Julio de 2018. En una autovía rural del norte de California, un automovilista sufre un reventón. La llanta metálica roza contra el asfalto. Las chispas provocan un incendio que arrasa el bosque agostado, ruge en tornados de fuego y devasta decenas de miles de hectáreas, sin dejar nada a su paso. Cuando las llamas empezaron a avanzar hacia la ciudad de Redding, Keith Bein preparó su nuevo laboratorio móvil: un remolque con dos minicoches eléctricos, un montón de tubos y aparatos, y un artilugio blanco que tiene el aspecto de un faro en miniatura.
Foto: Stuart Palley
Bein es científico atmosférico en la Universidad de California en Davis, a unos 240 kilómetros al sur de Redding. Para cuando enganchó el remolque a su camioneta y partió hacia el norte del estado, el incendio de Carr –las chispas de aquella llanta saltaron en las inmediaciones de la central hidroeléctrica de Carr– ya era uno de los incendios forestales más vastos de la historia de California. Se había cobrado seis vidas, entre ellas las de dos bomberos. Calcinaba árboles, praderas, cabañas campestres, pasarelas peatonales, farolas, coches aparcados. En las afueras de Redding acababa de arrasar una urbanización llamada Lake Keswick Estates, y con ella toda la infraestructura asociada a las viviendas unifamiliares: aislamientos, tejas, neveras, pintura…

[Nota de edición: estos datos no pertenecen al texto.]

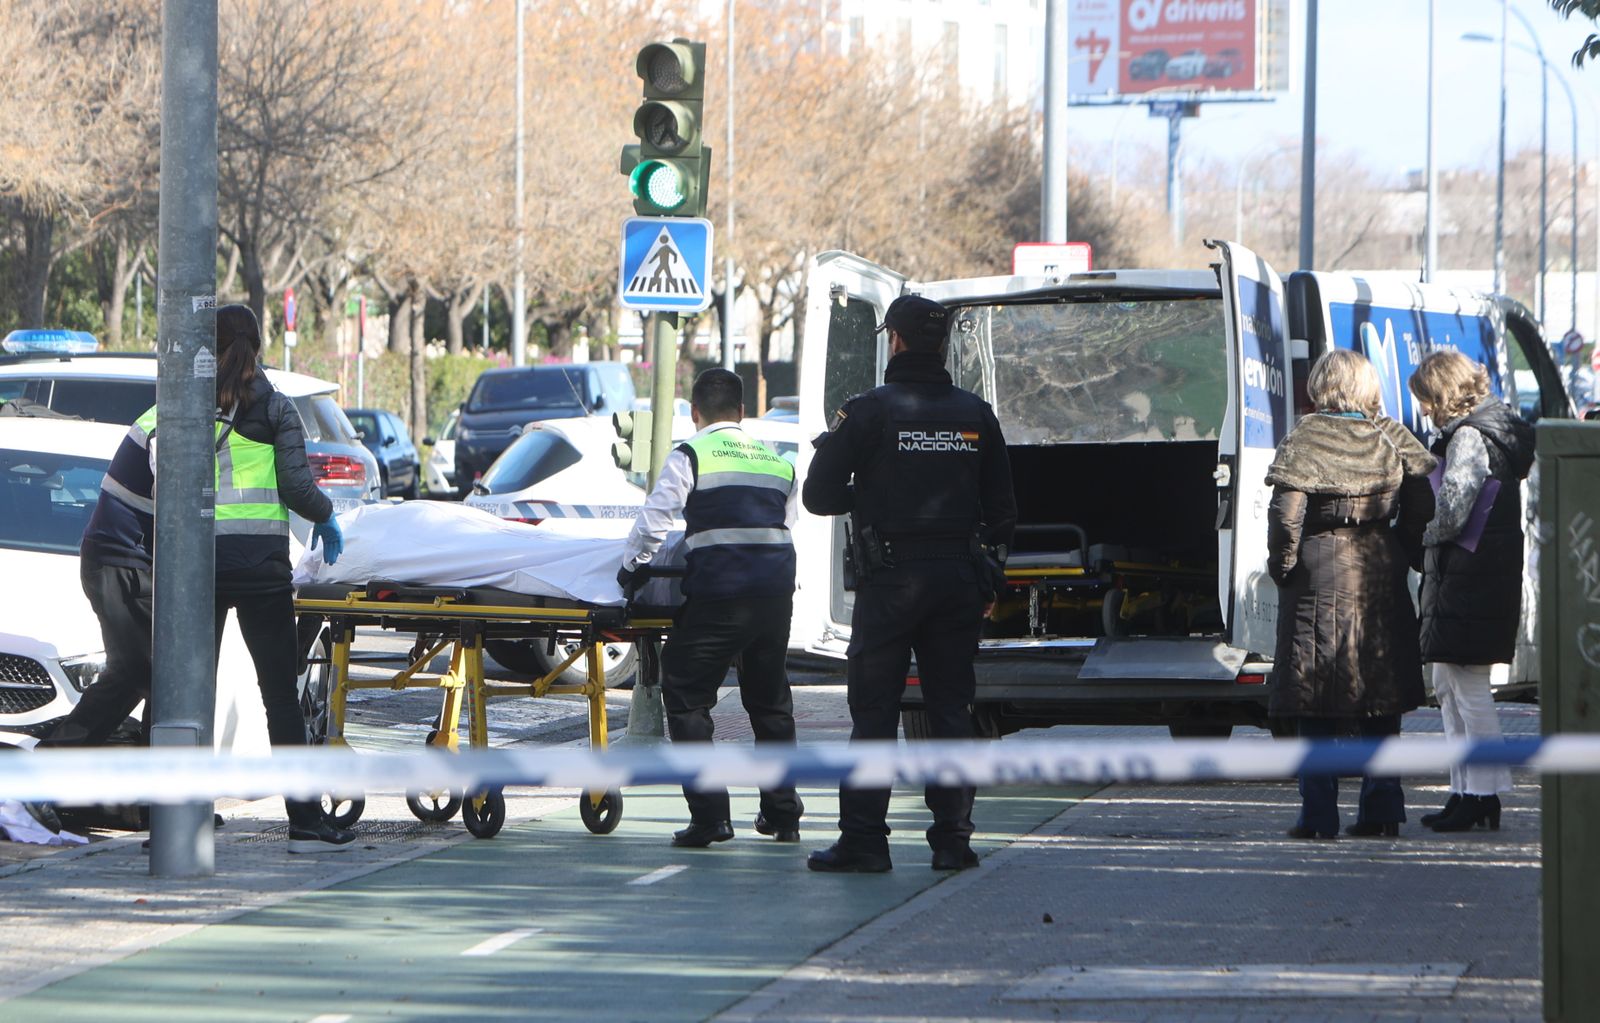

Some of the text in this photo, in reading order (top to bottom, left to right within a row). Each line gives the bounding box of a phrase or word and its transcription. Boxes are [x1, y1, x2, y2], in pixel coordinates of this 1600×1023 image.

Y alrededor de la inmensa trayectoria del incendio de Carr había humo, enormes nubes que lo engullían todo y llegaban a miles de kilómetros de las llamas. De todas las cosas que contaminan el aire que respiramos, el humo de los incendios forestales es lo que más fascina a Bein.
Este científico se ha propuesto entender de qué se compone el humo exactamente, qué diferencias químicas existen entre un incendio y otro y qué consecuencias tienen los megaincendios sin precedentes de este siglo sobre la contaminación atmosférica del planeta y la salud humana. Para el oeste de América del Norte y Australia, en cuanto a tamaño y número de incendios forestales, 2018 fue el peor año desde que existen registros… hasta que llegó 2020 y pulverizó todos los récords.
«Algo así ocurría antes una vez en la vida –dice Bein–. Ahora sufrimos un incendio gigantesco todos los veranos. Y constituye un problema de salud pública muy preocupante».
Por eso fue a Lake Keswick Estates, donde se encontró un suelo carbonizado, vecinos evacuados y viviendas arrasadas hasta los cimientos. Calzó el remolque y encendió el artilugio, que en realidad es una sofisticada combinación de bomba de aire y sensor. Sacó tubos y monitores de los coches eléctricos, que proporcionan alimentación recargable y portátil a la instalación. Le dolían los ojos y la nariz. «Era horroroso», dice.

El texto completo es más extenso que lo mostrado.